On the plus side, we've taken a long hard look at our naked skin and identified its real needs, rather than just whacking on another coat of base and hoping for the best.
But that doesn't mean we've been playing nicely with our skin. Upgrades to our routines have in some cases seen women using 10 or more products; others have mixed ingredients together that have no place sitting in the same regime.
For example, while retinol mixes well with moisturising ingredients like hyaluronic acid and ceramides, used together with AHAs like glycolic acid or vitamin C and you're likely to be over-drying, over-exfoliating and irritating your skin.
When your skin reads product overload as the enemy, "it starts producing inflammatory hormones, which leads to bumps, chapping and redness," says skin and laser expert Debbie Thomas. "That's your cue to pare things back to a bare-bones routine of cleanser, serum and SPF until things have settled."

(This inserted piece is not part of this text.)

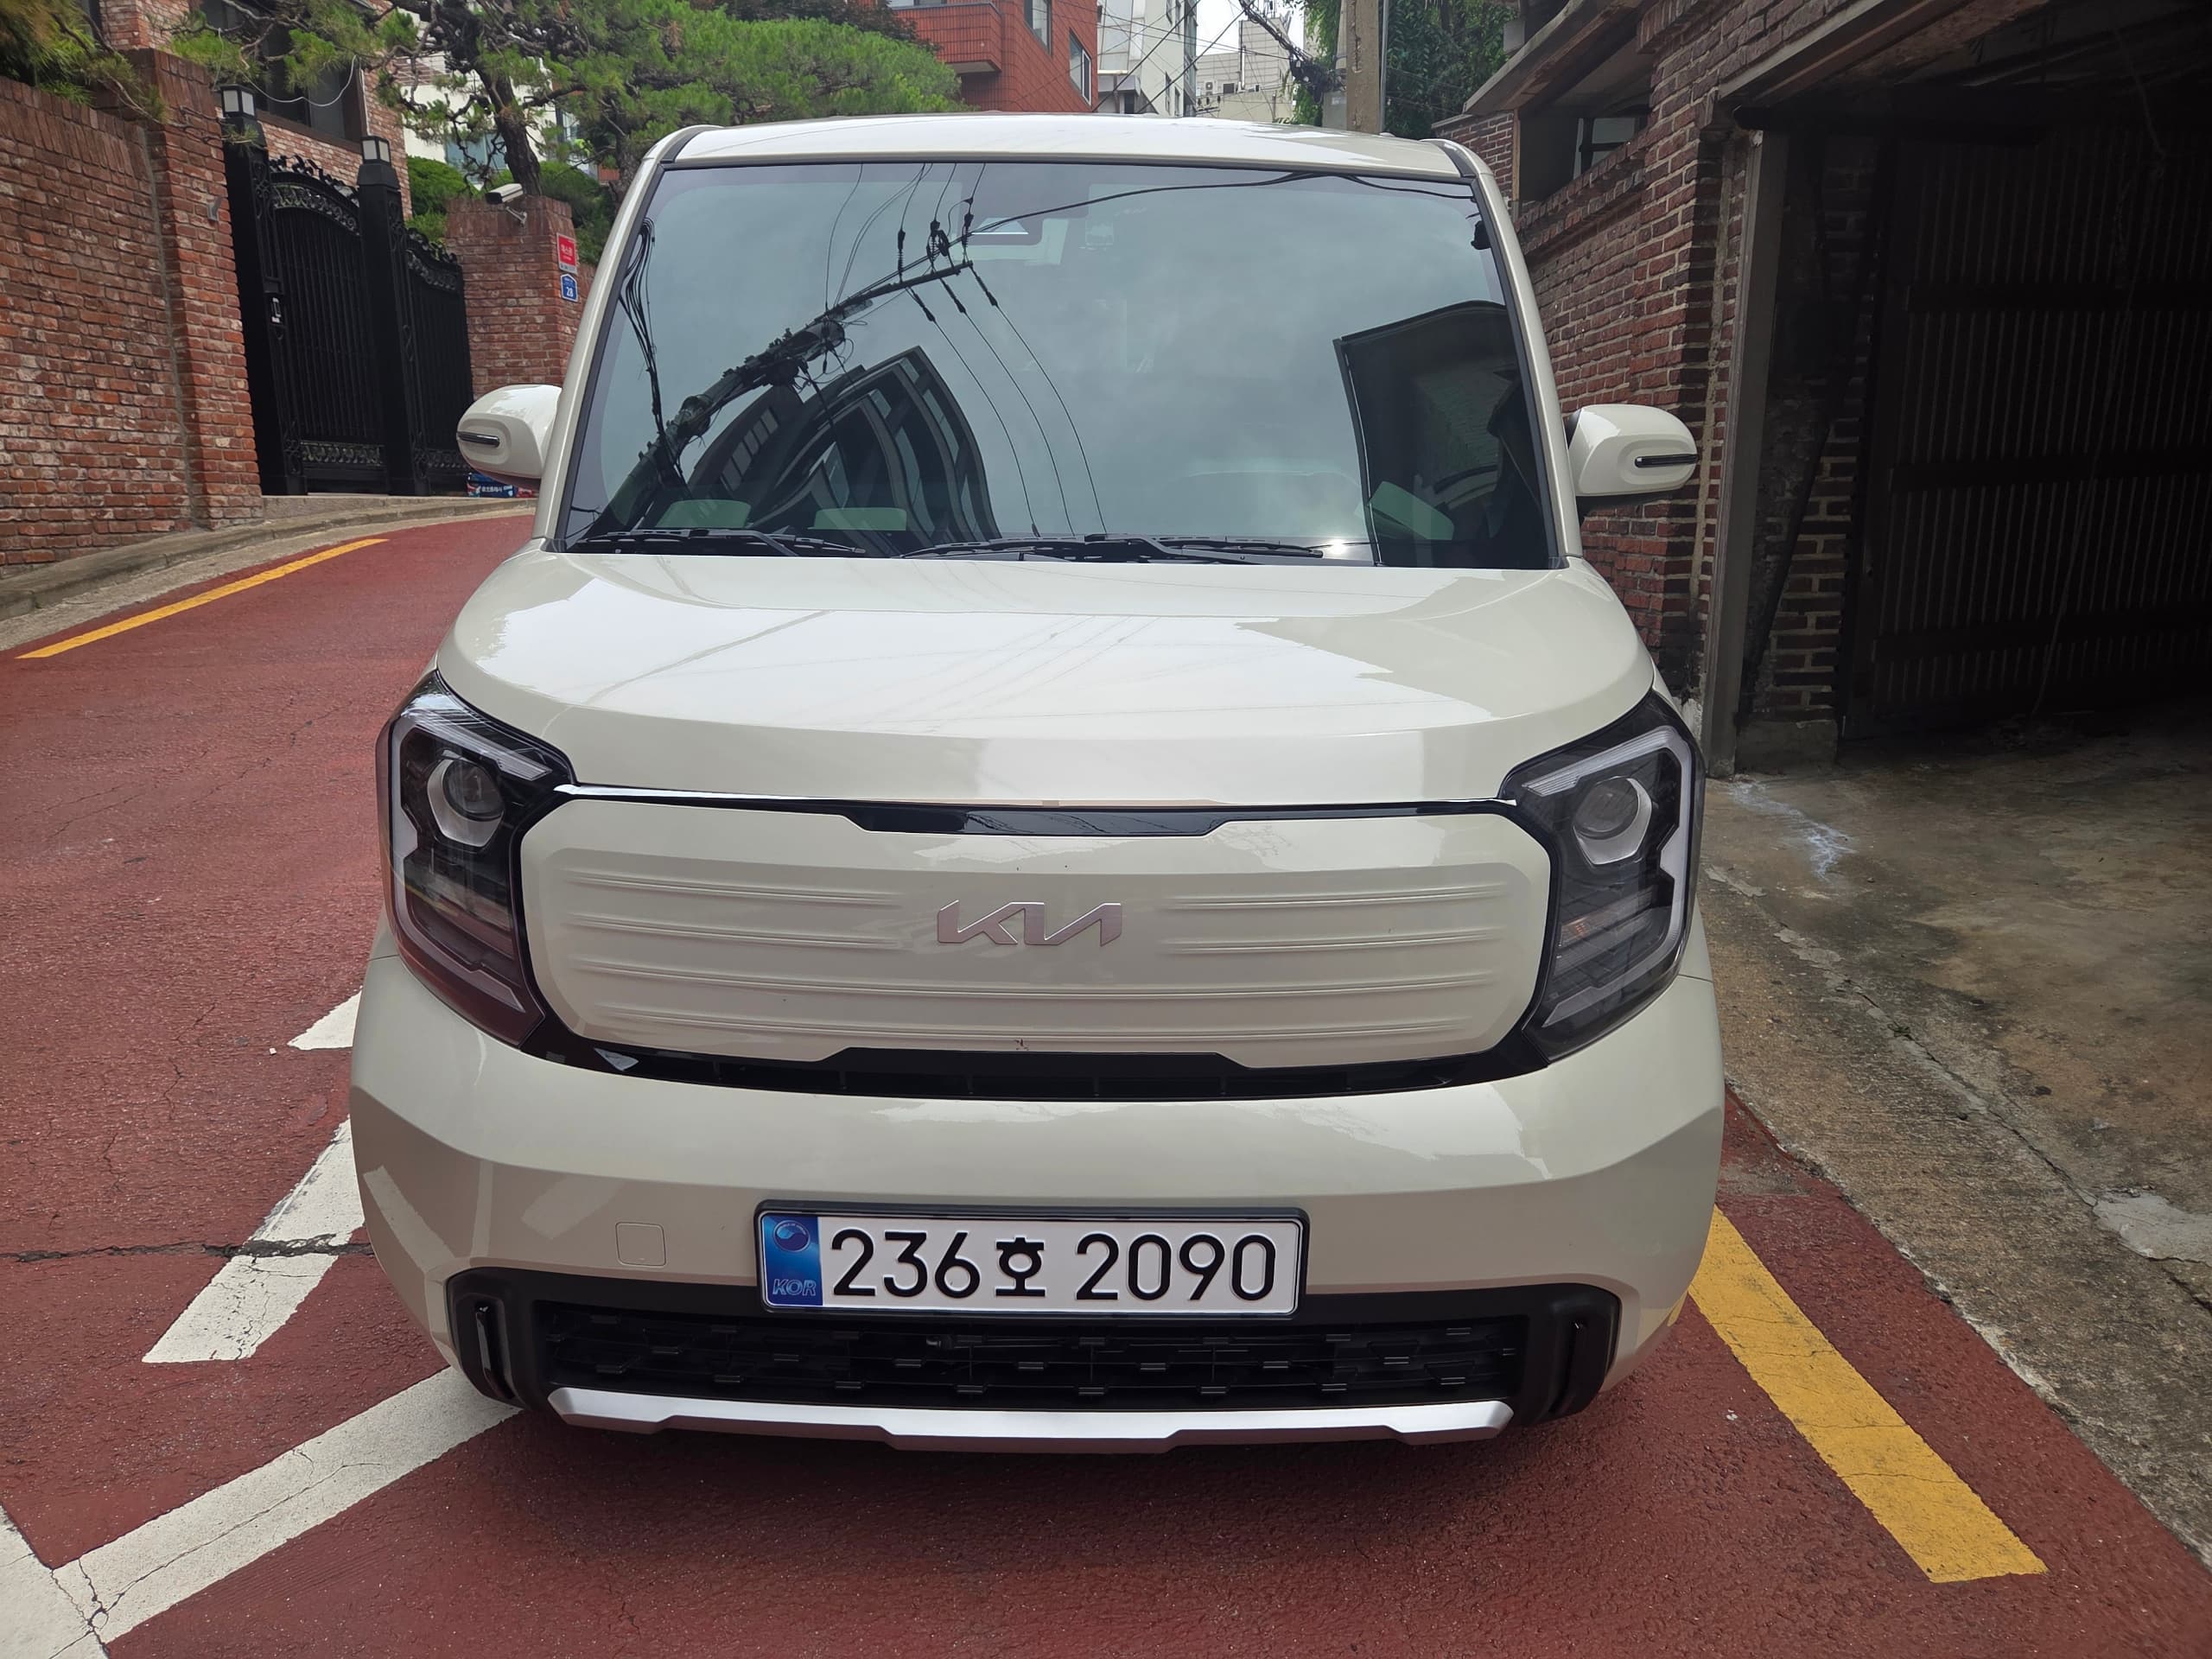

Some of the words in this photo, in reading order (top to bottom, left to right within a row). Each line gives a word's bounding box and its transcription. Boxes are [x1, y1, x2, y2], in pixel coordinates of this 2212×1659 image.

[938, 899, 1122, 947] KIA
[772, 1279, 817, 1296] KOR
[830, 1229, 1046, 1299] 236호
[1075, 1233, 1277, 1301] 2090

Augustinus Bader, loved by celebrities such as Victoria Beckham and facialists including Joanna Czech (she famously said,"This cream is unforgettable"), is the complete antithesis.

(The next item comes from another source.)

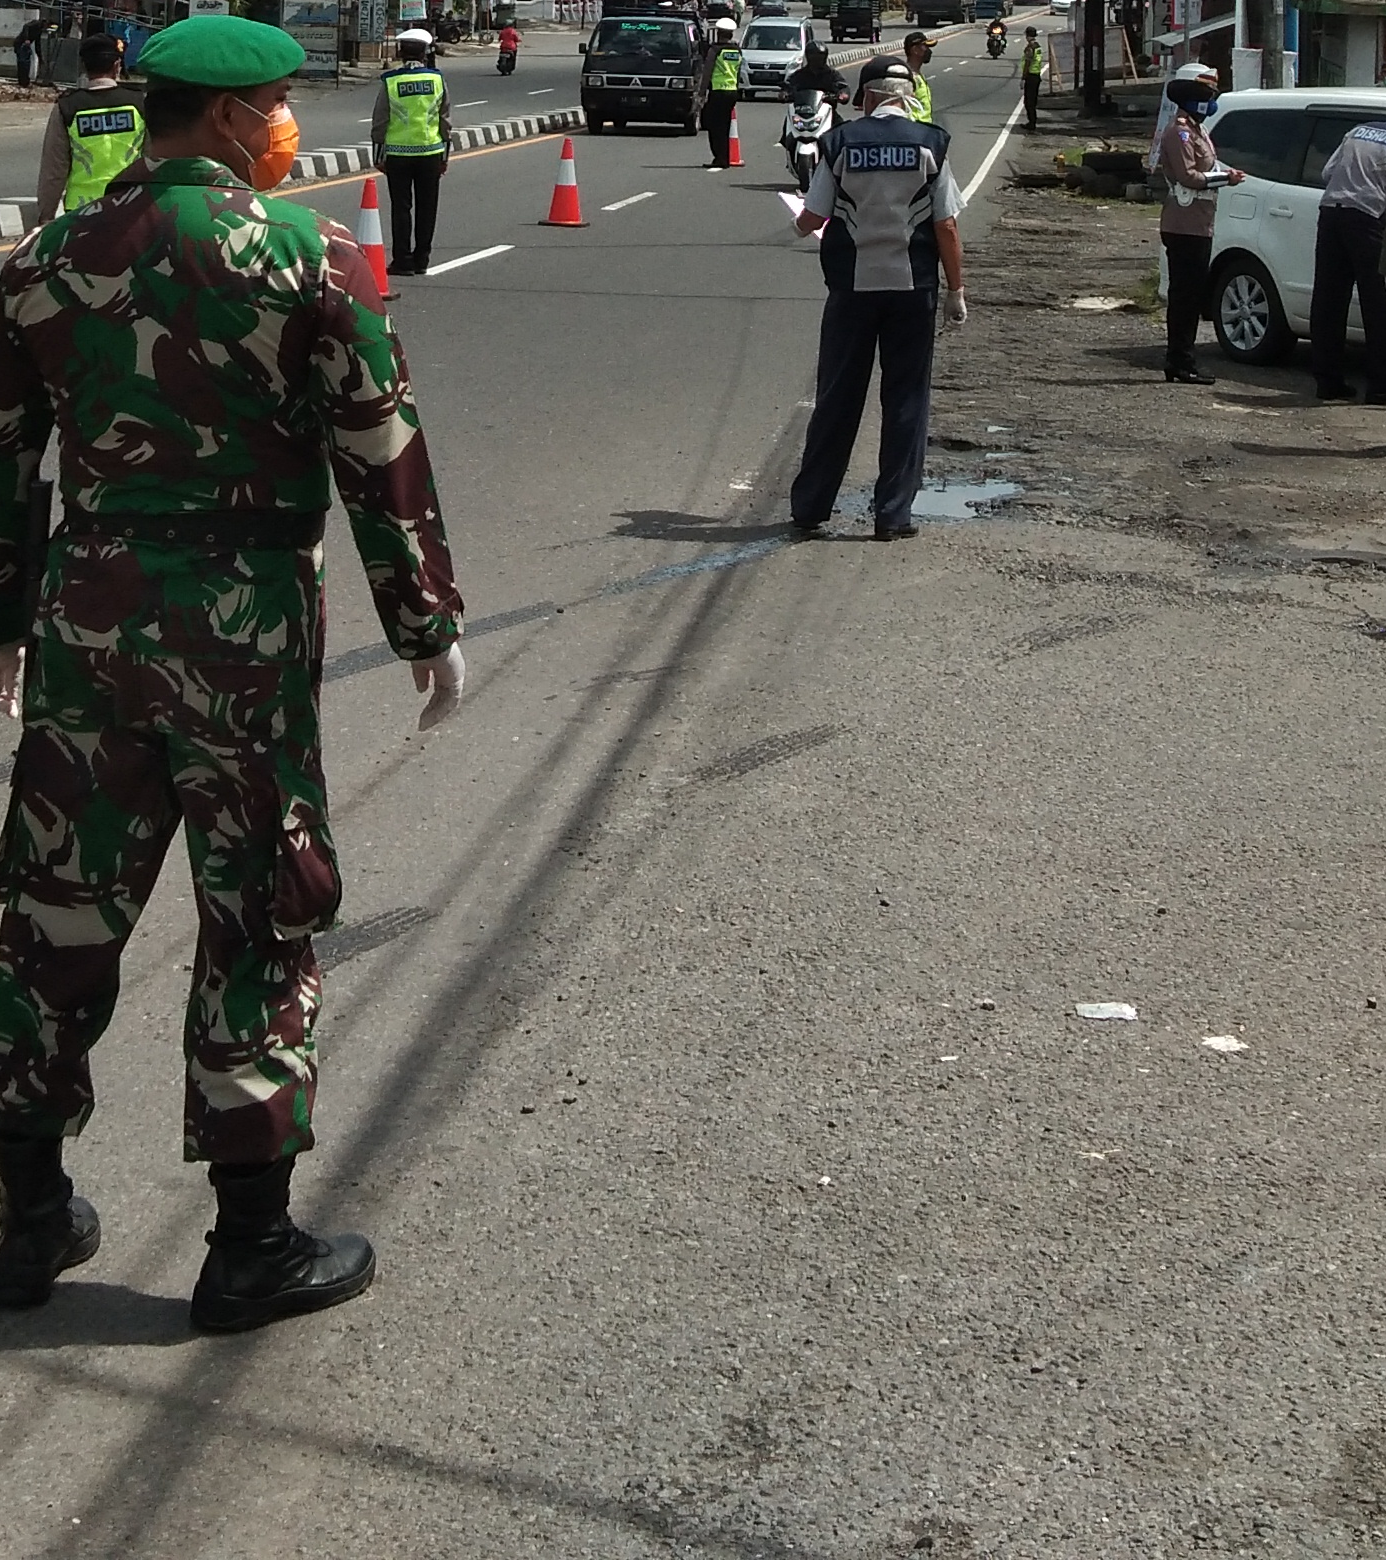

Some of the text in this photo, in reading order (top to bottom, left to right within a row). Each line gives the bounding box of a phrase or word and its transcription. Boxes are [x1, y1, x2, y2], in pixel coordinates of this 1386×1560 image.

[399, 83, 434, 95] POLISI
[78, 112, 133, 134] POLISI
[849, 146, 917, 168] DISHUB

Bader's The Cream doesn't claim to moisturize and doesn't contain Instagram-friendly ingredients like retinol or hyaluronic acid. It simply asks you to use it for 27 days, applying nothing else apart from cleanser and SPF.
Augustinus Bader The Cream, $265, Net-A-Porter[£205, Net-a-Porter]

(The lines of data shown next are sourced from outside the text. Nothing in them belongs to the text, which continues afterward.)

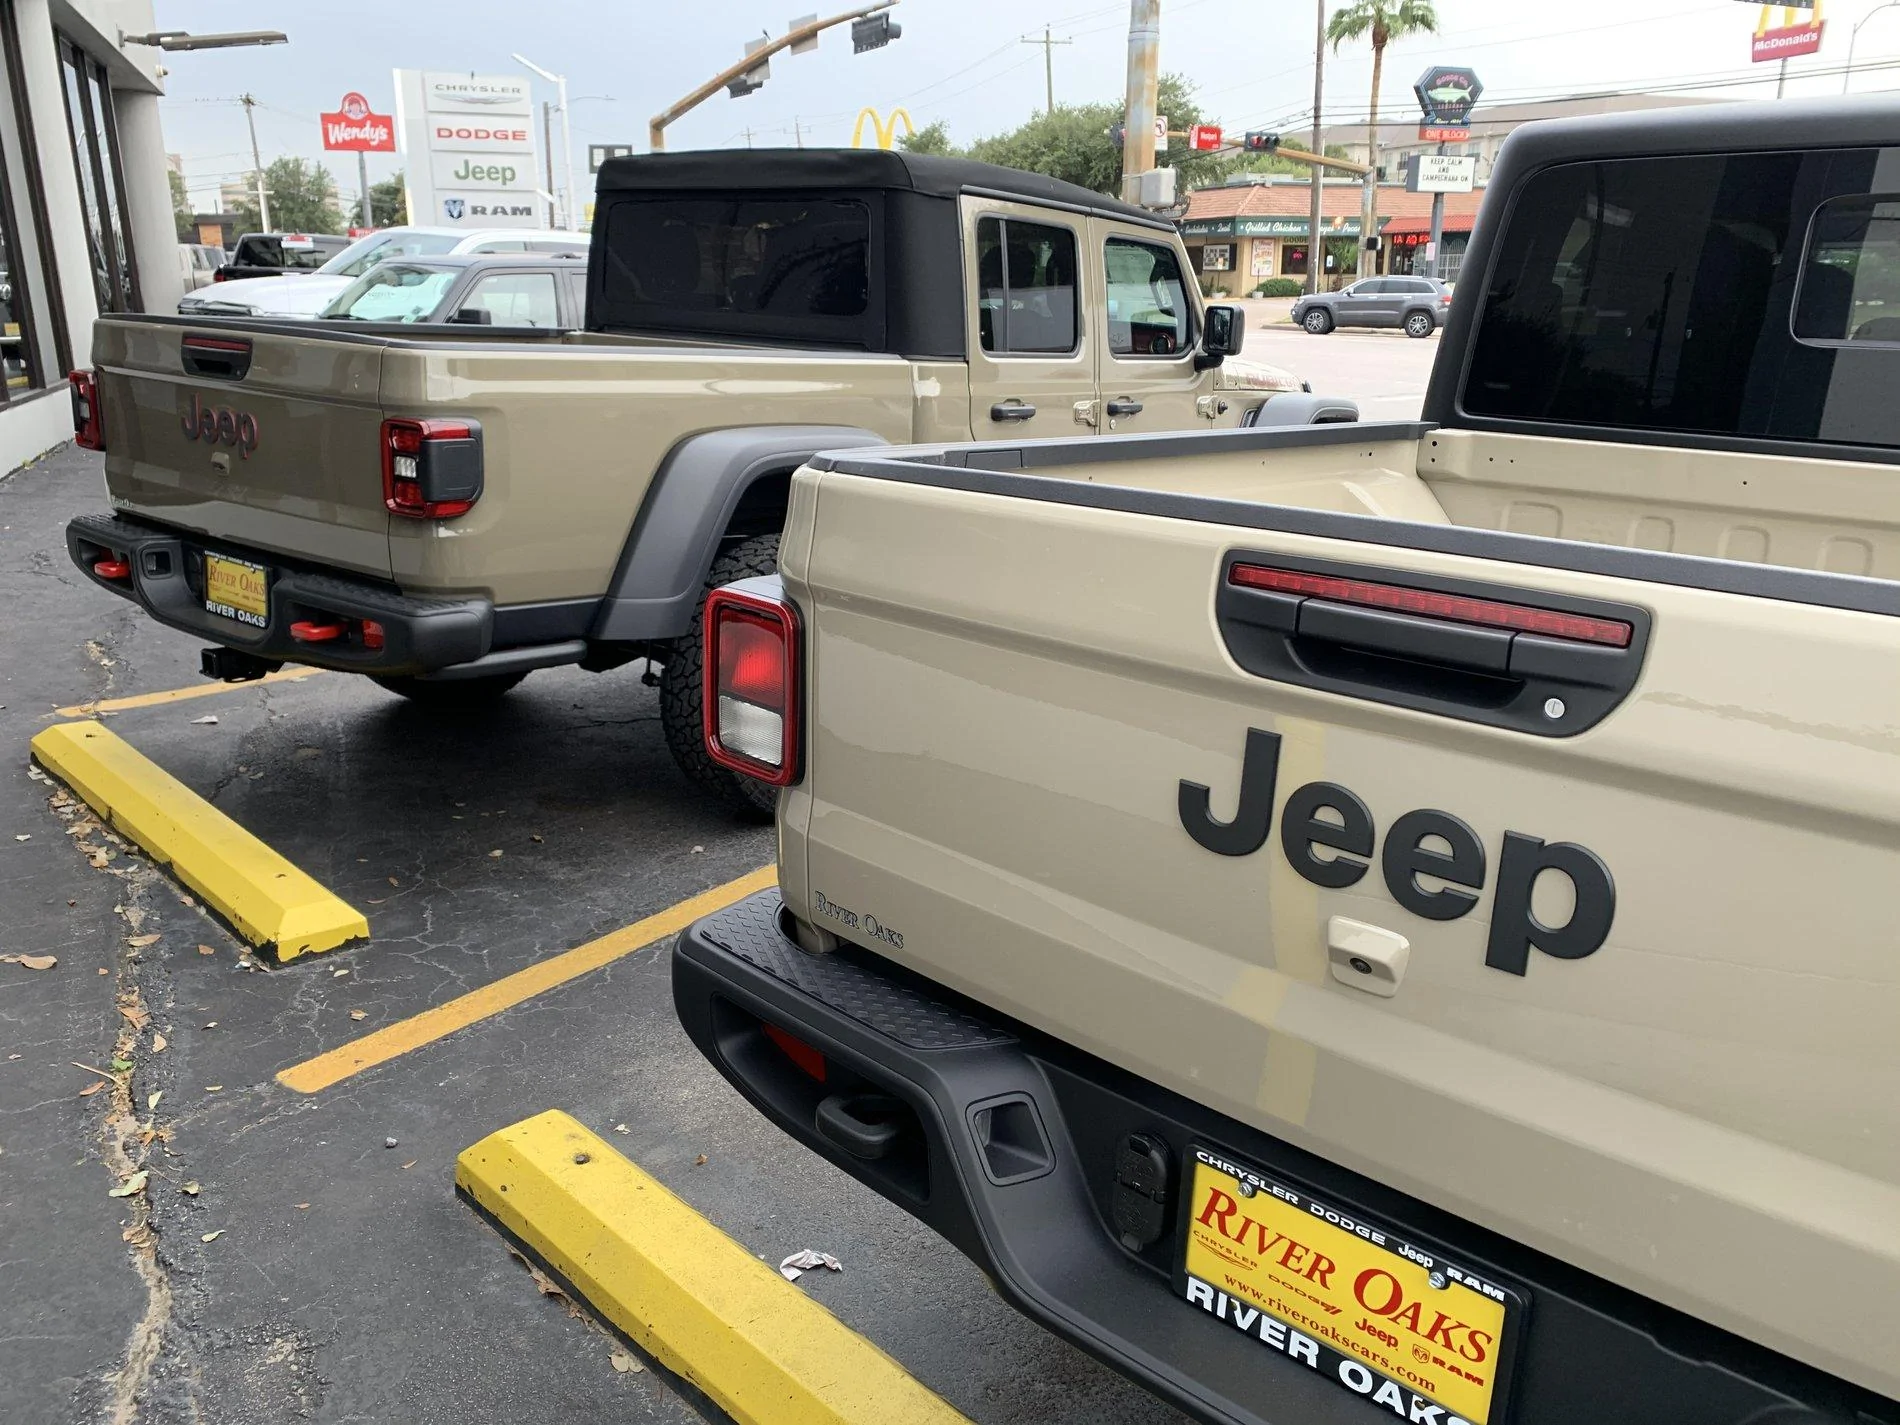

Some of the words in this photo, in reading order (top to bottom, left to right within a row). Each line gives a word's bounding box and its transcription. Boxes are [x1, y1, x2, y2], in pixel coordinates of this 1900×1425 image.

[1754, 32, 1818, 51] McDonald's
[434, 83, 522, 94] CHRYSLER
[327, 120, 389, 146] Wendy's
[436, 127, 527, 141] DODGE
[1426, 130, 1441, 139] ONE
[454, 159, 516, 186] Jeep
[1430, 157, 1445, 165] KEEP
[1447, 158, 1463, 166] CALM
[1438, 165, 1450, 174] AND
[470, 204, 533, 217] RAM
[1245, 221, 1270, 235] Grilled
[1272, 221, 1302, 233] Chicken
[181, 391, 259, 461] Jeep
[209, 563, 237, 588] RIVER
[239, 573, 266, 597] OAKS
[206, 599, 236, 619] RIVER
[237, 610, 267, 629] OAKS
[1178, 727, 1617, 978] Jeep
[815, 890, 860, 930] RIVER
[864, 914, 905, 950] OAKS
[1196, 1151, 1300, 1205] CHRYSLER
[1310, 1203, 1386, 1247] DODGE
[1398, 1244, 1434, 1269] Jeep
[1446, 1266, 1506, 1302] RAM
[1195, 1186, 1337, 1291] RIVER
[1353, 1268, 1493, 1364] OAKS
[1186, 1275, 1320, 1369] RIVER
[1193, 1229, 1259, 1269] CHRYSLER
[1268, 1273, 1342, 1316] DODGE
[1354, 1317, 1400, 1351] Jeep
[1431, 1356, 1485, 1388] RAM
[1224, 1273, 1437, 1394] www.riveroakscars.com

The science speaks for itself - as you age, skin cells produce less collagen and they become more sensitive to environmental damage from UV and pollution. Bader's TFC-8 complex - a combination of amino acids and vitamins - activates your skin's stem cells, putting them into repair mode.
I ditched my own Korean 10 step skincare routine and tried the 27 day challenge. I literally had people stop me in the street to ask me what was making my skin so glow-y.
As a result that month has rolled into six and my skin has never looked, or felt, better. It's like I've given my skin the fuel it needed to function efficiently by itself without unnecessary filler ingredients or products.
Another big advocate of a more minimalist - but effective - skincare routine is Tina Craig, aka BagSnob. She created the U Beauty Resurfacing Compound, an all-in-one serum designed to slash your routine in half but still provide skin with multi-tasking antioxidants, peptides, vitamins C and E and vitamin A.
U Beauty Resurfacing Compound, $228, Net-A-Porter[£215, Net-A-Porter]
Craig's solution was the first-of-its-kind delivery system called SIREN.
"The skincare ingredients are held in a capsule that attracts free radicals to it like a magnet," she explains. "The free radical chews through the capsule wall, effecting the release of its ingredients precisely where the damaged areas of your skin are. The ingredients only go where they are needed, which is how we avoid irritation.”
According to Craig, her rosacea has been at bay ever since. "At one time, I was using 13-15 products a day every day and it was causing my rosacea to flare up," says Craig.
"My skin was cosmetically confused, which is why I created a 'one and done' solution outside of moisturiser, so there are no more serums, toners, exfoliators, essences or extra steps."
It's perhaps also telling that CeraVe has become a TikTok force to be reckoned with.
CeraVe Hydrating Cleanser, $13.49, Ulta[£9.50, Lookfantastic]
CeraVe Hydrating Cleanser, $13.49, Ulta
The no-frills bottles and lack of any added sensitizers or fragrances, have garnered these basic cleansers and moisturizers a legit cult following. In fact, this 15-year old drugstore brand's earned media value is estimated to be up 128 percent year on year to around $22 million worth of coverage.
Proof perhaps, that while maximalist regimes make good theatre on TkTok, they don't necessarily make good sense for your skin.